Exodus

Exodus. Mosul markiert einen neuen Höhepunkt der modernen Christenverfolgung. Es gibt viele Gründe, warum man hier so verhalten darauf reagiert. Nicht alle sind gut.

Als nun die IS-Milizen in Mosul die letzten 150 Familien einer der ältesten christlichen Gemeinden der Welt vertrieben haben, haben viele meiner christlichen Freunde gefragt: Warum schreit die Weltöffentlichkeit nicht auf, warum tut niemand was? Die heutige Christenverfolgung ist laut Papst Franziskus schlimmer als im Römischen Reich. Schätzungen reichen bis zu 100 Millionen verfolgter oder benachteiligter Christen. Jährlich sterben mehr als 100.000 den Märtyrertod. Warum regt uns das nicht auf?

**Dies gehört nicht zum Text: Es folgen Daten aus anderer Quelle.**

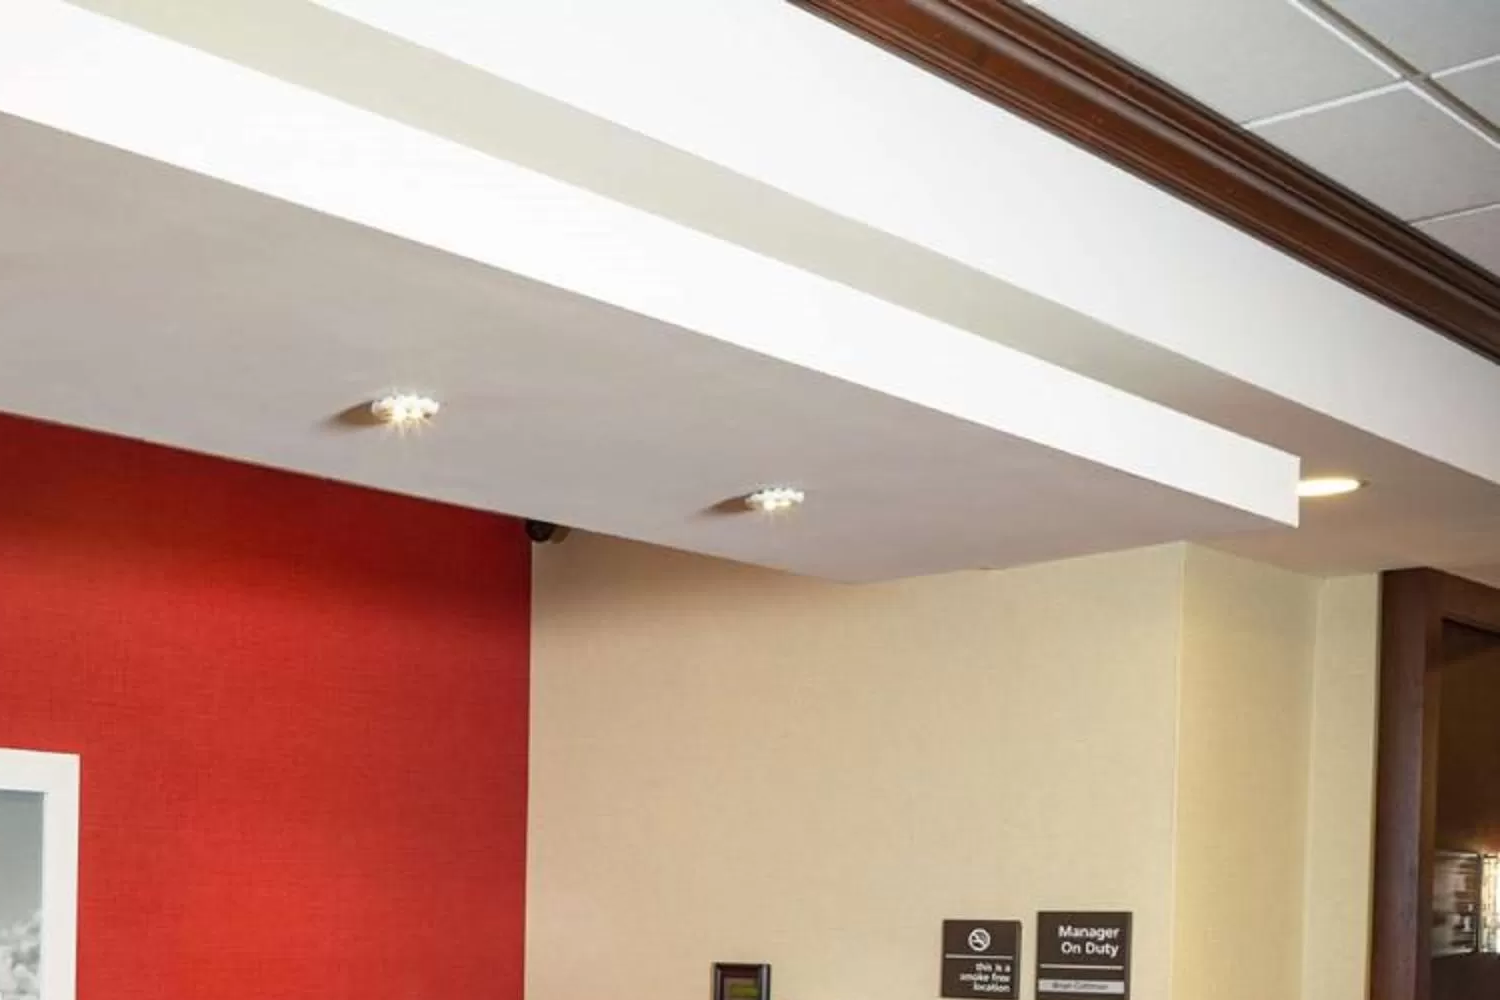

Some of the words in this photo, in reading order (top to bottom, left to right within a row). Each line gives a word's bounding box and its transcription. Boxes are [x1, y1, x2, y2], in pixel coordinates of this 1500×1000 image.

[1057, 925, 1121, 941] Manager
[1061, 941, 1081, 955] On
[1085, 941, 1119, 958] Duty
[975, 961, 992, 972] this
[995, 963, 1003, 973] is
[959, 971, 989, 982] smoke
[991, 972, 1011, 983] free
[973, 981, 1011, 993] location

Es regt uns auf. Es hat nur keine Konsequenzen. Das hat mehrere Gründe. Erstens regen uns alle Verfolgungen auf, und da gibt es sehr viele. In Mosul werden auch Schiiten, Jesiden und Schabacken geköpft. Und in der Identität unserer Journalisten oder Politiker spielt das Christsein meist keine solche Rolle mehr, als dass sie sich Christen anderswo besonders verbunden fühlten.

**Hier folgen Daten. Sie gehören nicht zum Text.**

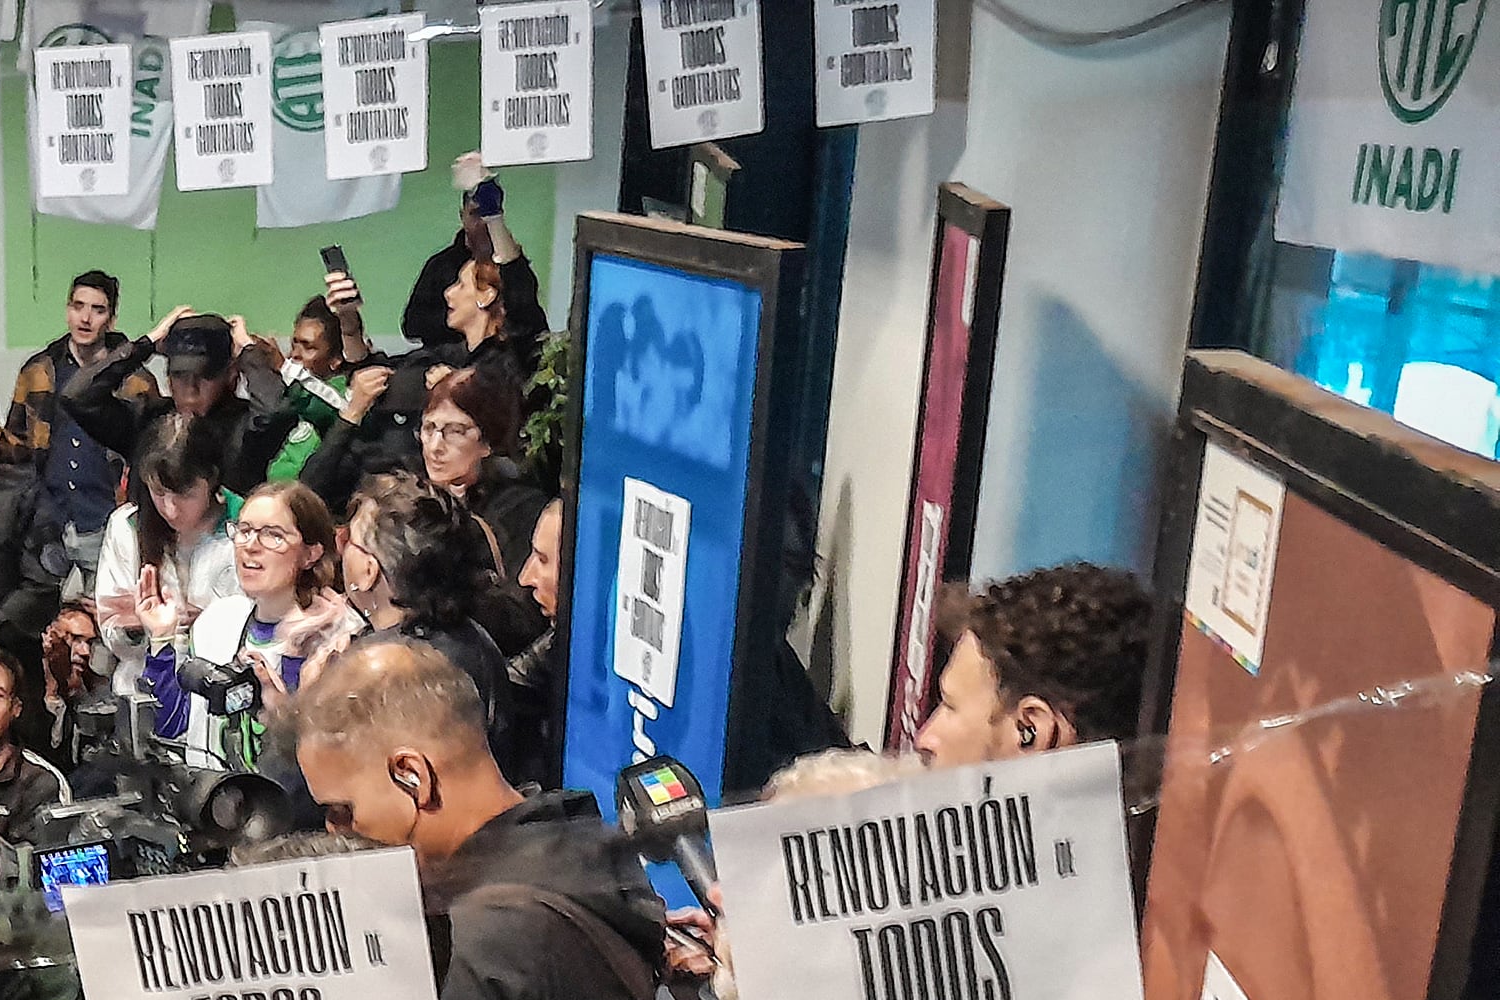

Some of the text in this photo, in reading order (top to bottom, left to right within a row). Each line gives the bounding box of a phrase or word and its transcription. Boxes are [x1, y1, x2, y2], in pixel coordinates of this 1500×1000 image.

[131, 47, 164, 138] INAD
[1352, 143, 1460, 214] INADI
[780, 776, 1040, 924] RENOVACIÓN
[127, 871, 353, 992] RENOVACIÓN

Zweitens gibt es die eine Christenverfolgung nicht. In Nordkorea hat sie völlig andere Vorzeichen als im Sudan. IS und Boko Haram sind etwas anderes als das chinesische Religionsministerium.

Drittens verhindert die politische Korrektheit einen klaren Blick. Manche Menschen, die bei uns für Zuwanderer und Flüchtlinge und daher gegen Islamophobie eintreten, haben eine Hemmung, über Christenverfolgung anderswo zu sprechen. Denn da käme der Islam nicht gut weg. Von den zehn Ländern, die Christen am meisten benachteiligen, sind neun islamisch geprägt. Von allen 39 muslimischen Staaten kennt nur Gambia echte Gleichberechtigung der Christen.

Ich verstehe die Hemmung. Schließlich gibt es – etwa auch im Irak – viele Muslime, die sich für die Christen einsetzen. Auch die katholischen Bischöfe im Heiligen Land haben sich im April dagegen gewandt, Gewalt durch „Kriminelle, die behaupten, Muslime zu sein“ pauschal als Verfolgung zu bezeichnen. Differenzierung muss sein, aber Wegschauen ist auch keine Lösung.

Aber was wäre denn eine Lösung? Was es bringt, wenn der Westen vorübergehend ein Land im Namen der Menschenrechte besetzt, zeigt gerade das Beispiel Mosul recht eindrücklich. Im Sanktionieren von Menschenrechtsverletzern ist der Westen derzeit ebenso schwach unterwegs wie bei der Bekämpfung marodierender Banden à la IS – ob sie nun Christen verfolgen oder nicht.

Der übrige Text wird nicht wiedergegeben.